[Images for object localization]

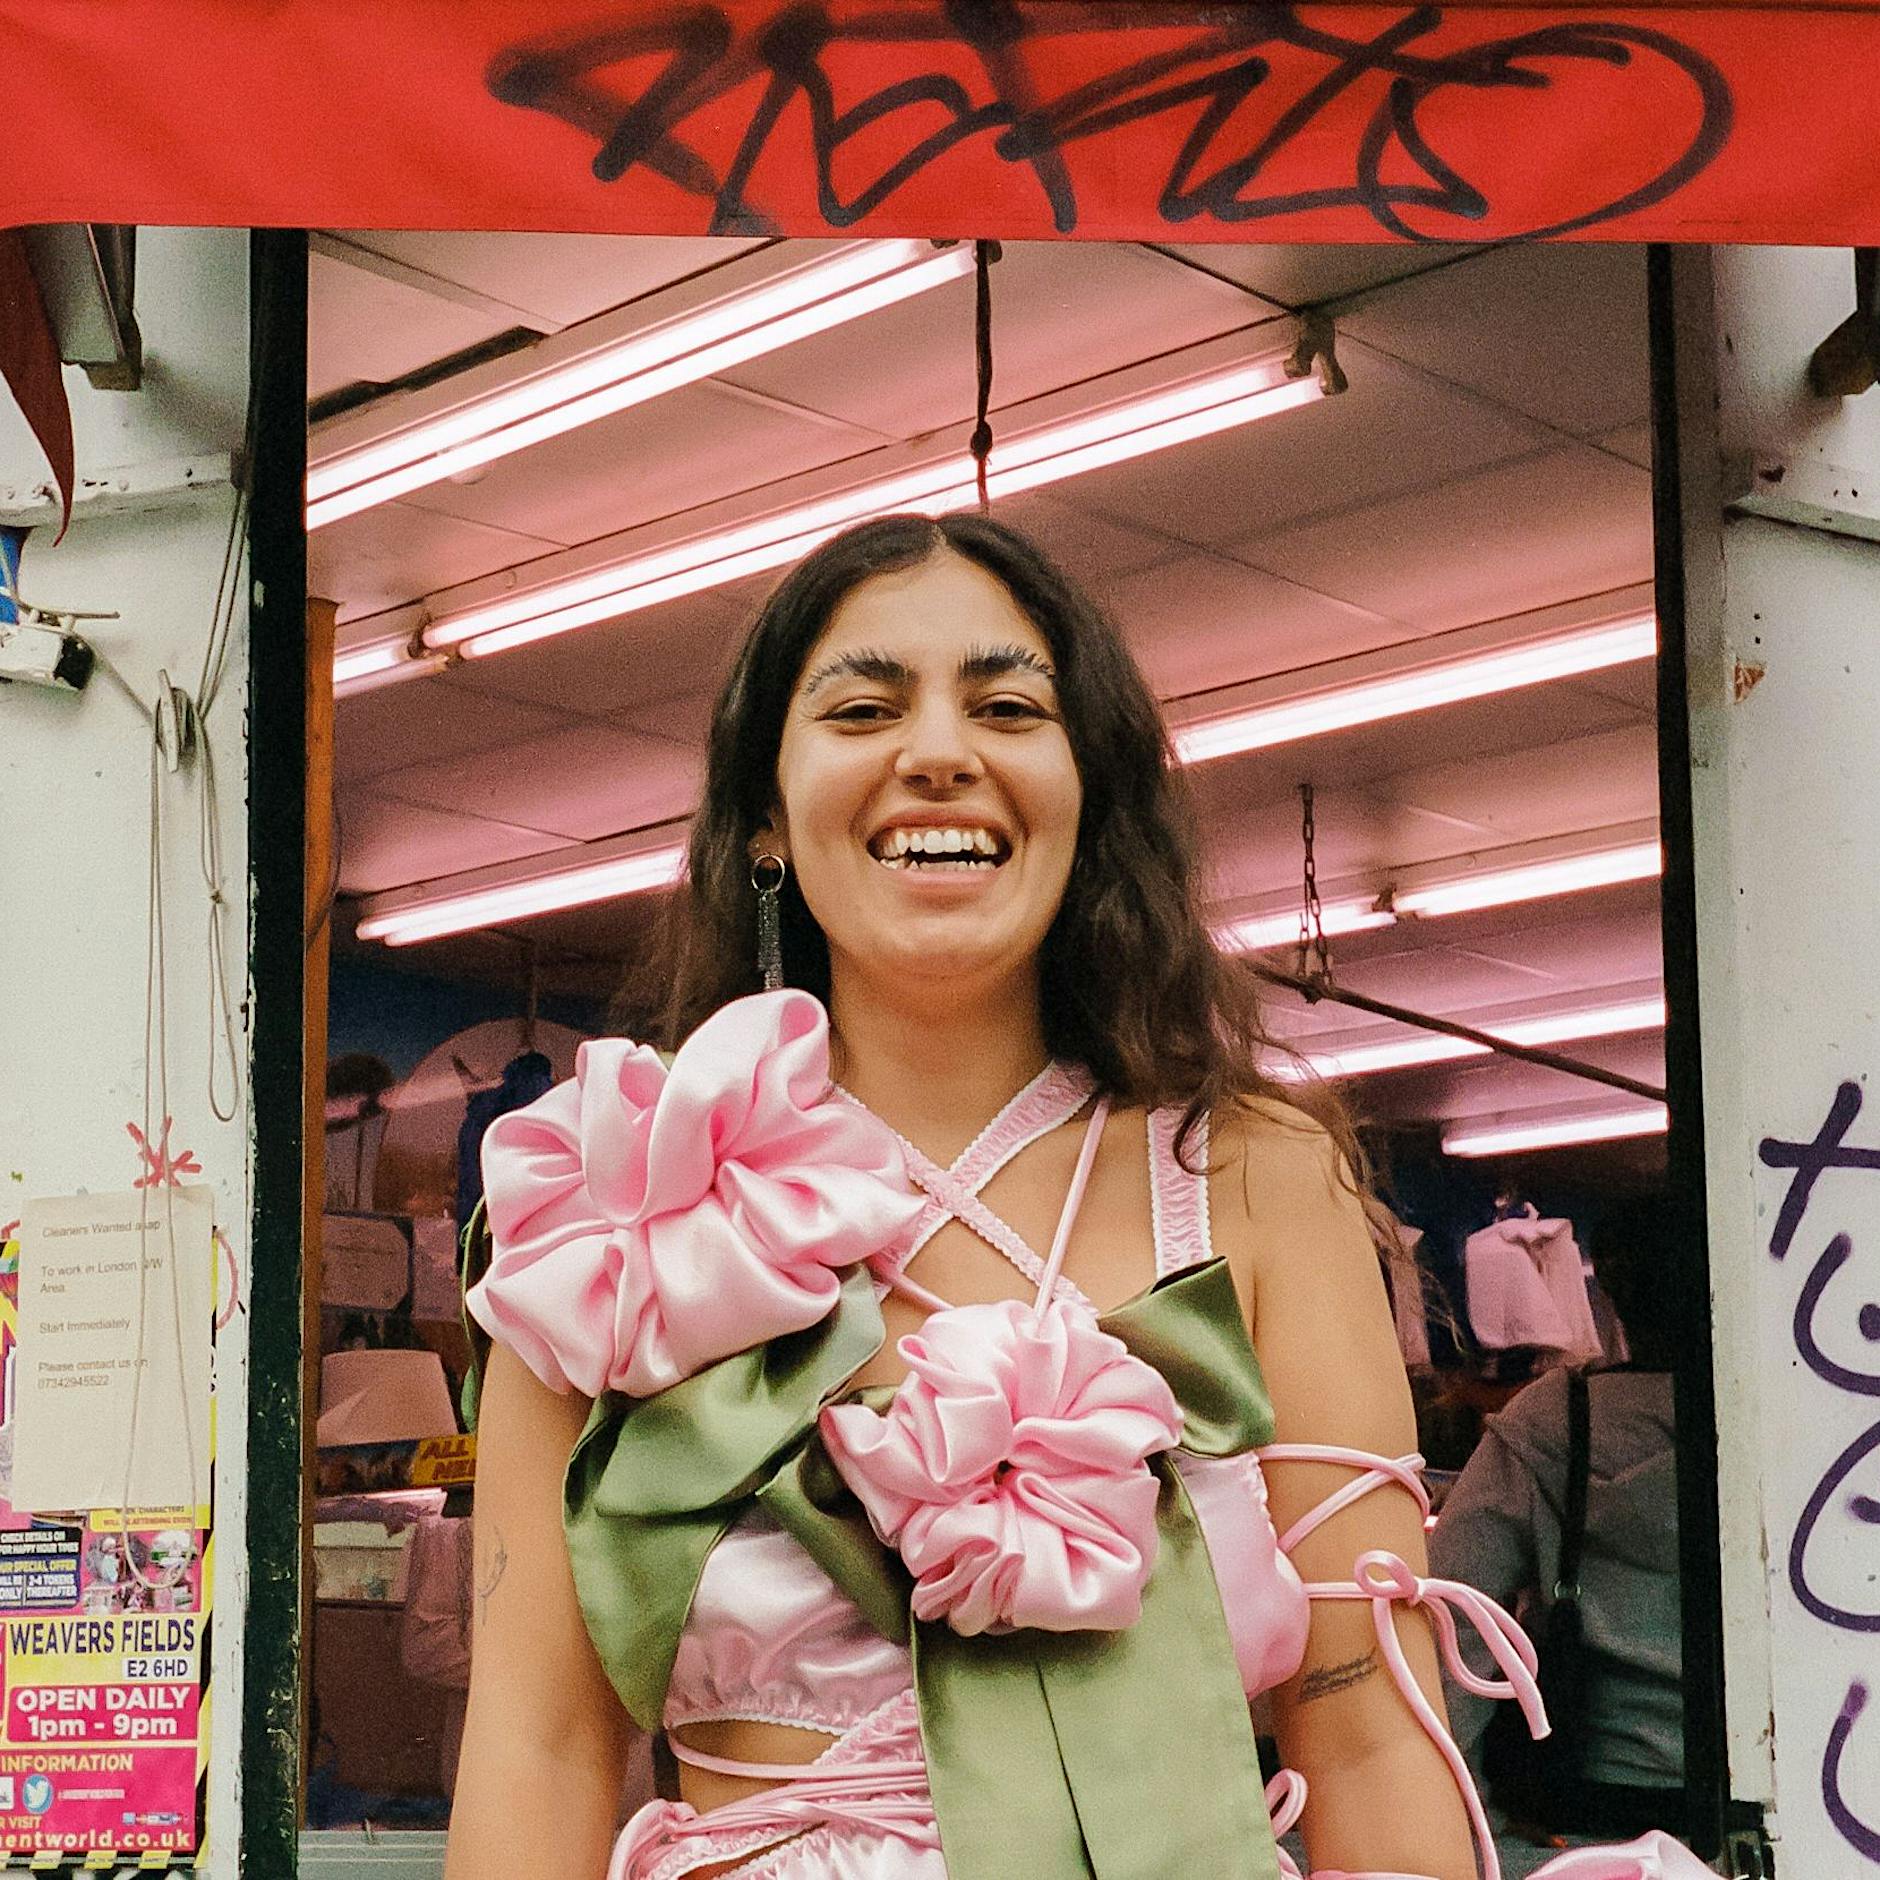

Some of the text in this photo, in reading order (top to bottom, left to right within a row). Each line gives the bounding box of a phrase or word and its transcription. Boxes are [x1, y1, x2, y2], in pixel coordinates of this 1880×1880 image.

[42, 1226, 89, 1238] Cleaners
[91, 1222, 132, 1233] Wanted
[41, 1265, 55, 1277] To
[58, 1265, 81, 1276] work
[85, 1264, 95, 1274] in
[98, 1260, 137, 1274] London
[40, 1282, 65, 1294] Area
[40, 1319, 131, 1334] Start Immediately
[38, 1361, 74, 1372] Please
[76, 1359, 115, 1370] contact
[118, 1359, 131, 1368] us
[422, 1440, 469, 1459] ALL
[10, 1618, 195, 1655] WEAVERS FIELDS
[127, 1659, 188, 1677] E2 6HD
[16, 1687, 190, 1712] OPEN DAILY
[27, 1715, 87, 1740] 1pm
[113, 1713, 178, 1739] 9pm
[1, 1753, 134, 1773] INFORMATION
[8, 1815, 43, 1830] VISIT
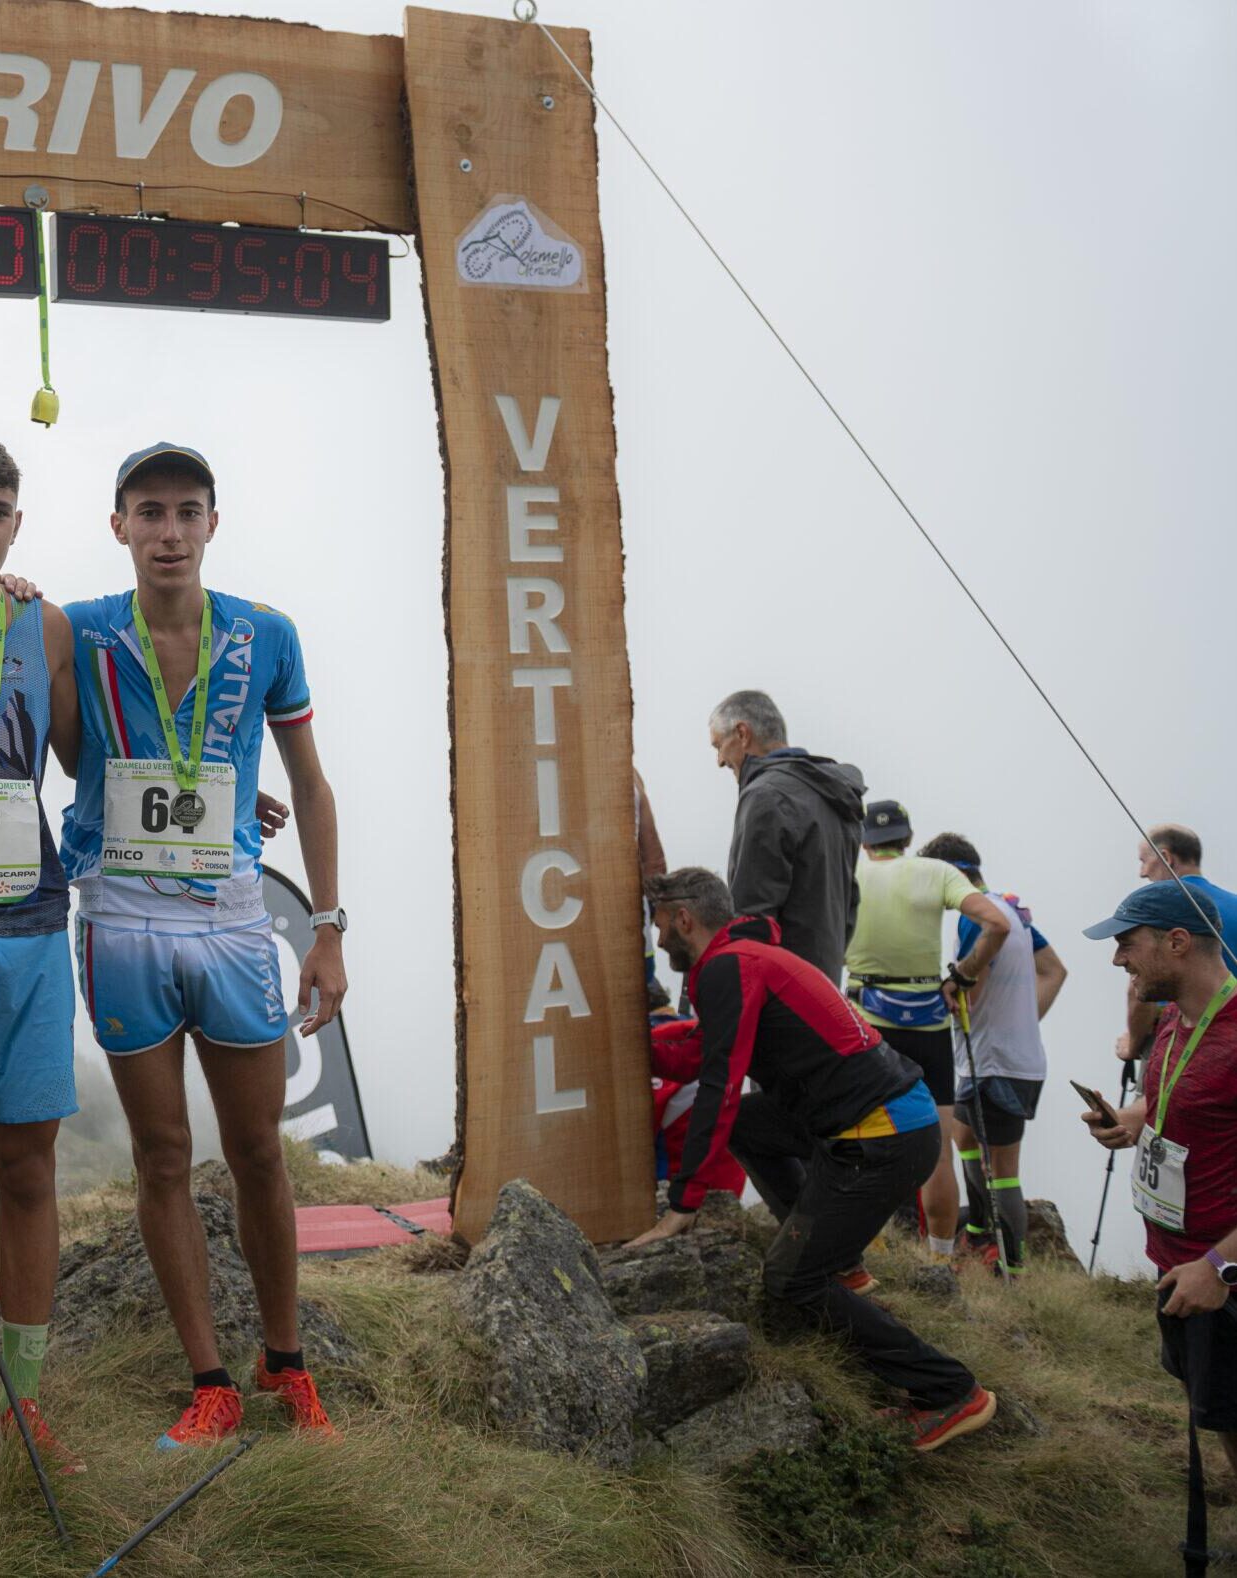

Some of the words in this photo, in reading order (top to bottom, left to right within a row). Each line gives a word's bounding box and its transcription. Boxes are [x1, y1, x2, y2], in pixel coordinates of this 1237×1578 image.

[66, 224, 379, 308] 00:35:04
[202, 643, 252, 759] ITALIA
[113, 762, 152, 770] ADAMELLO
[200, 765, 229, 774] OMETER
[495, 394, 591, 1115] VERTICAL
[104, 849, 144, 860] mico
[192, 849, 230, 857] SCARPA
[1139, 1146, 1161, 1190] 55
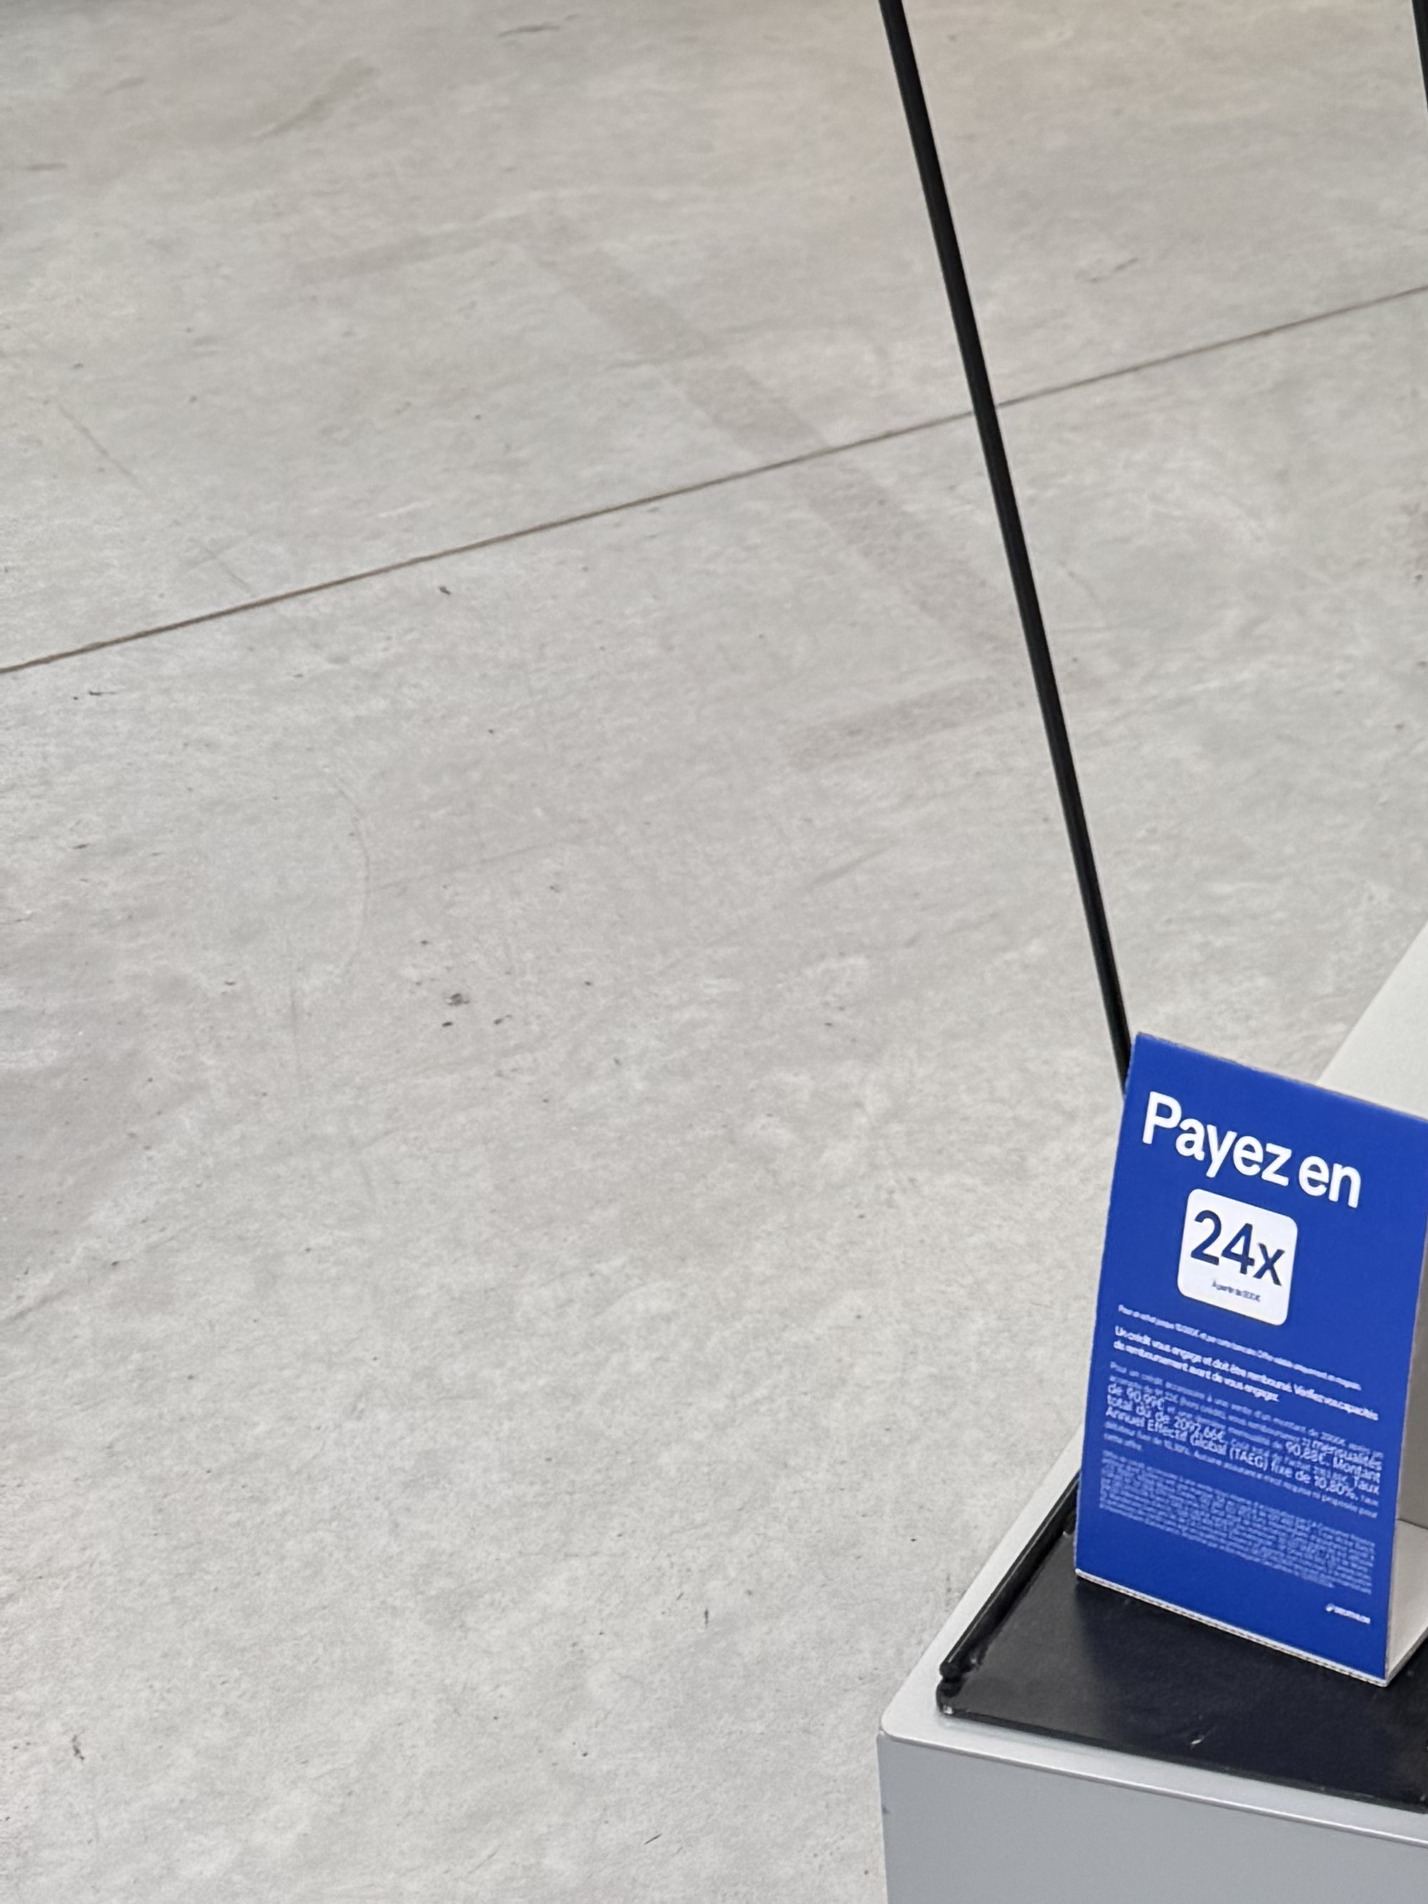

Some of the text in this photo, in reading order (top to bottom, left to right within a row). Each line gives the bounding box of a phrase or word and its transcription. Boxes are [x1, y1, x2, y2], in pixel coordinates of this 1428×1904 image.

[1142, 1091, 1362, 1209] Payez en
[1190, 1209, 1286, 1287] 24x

* [What is expected]:
In the answer, include exactly the lines from the one containing "Some of the words" through the end of the records above and no pictures at all.

* [Your solution]:
Some of the words in this photo, in reading order (top to bottom, left to right within a row). Each line gives a word's bounding box and its transcription. Boxes are [x1, y1, x2, y2], in pixel coordinates of this 1237×1578 image.

[66, 224, 379, 308] 00:35:04
[202, 643, 252, 759] ITALIA
[113, 762, 152, 770] ADAMELLO
[200, 765, 229, 774] OMETER
[495, 394, 591, 1115] VERTICAL
[104, 849, 144, 860] mico
[192, 849, 230, 857] SCARPA
[1139, 1146, 1161, 1190] 55

Some of the text in this photo, in reading order (top to bottom, left to right within a row). Each line gives the bounding box of a phrase or word and its transcription. Boxes are [x1, y1, x2, y2], in pixel coordinates of this 1428×1904 image.

[1142, 1091, 1362, 1209] Payez en
[1190, 1209, 1286, 1287] 24x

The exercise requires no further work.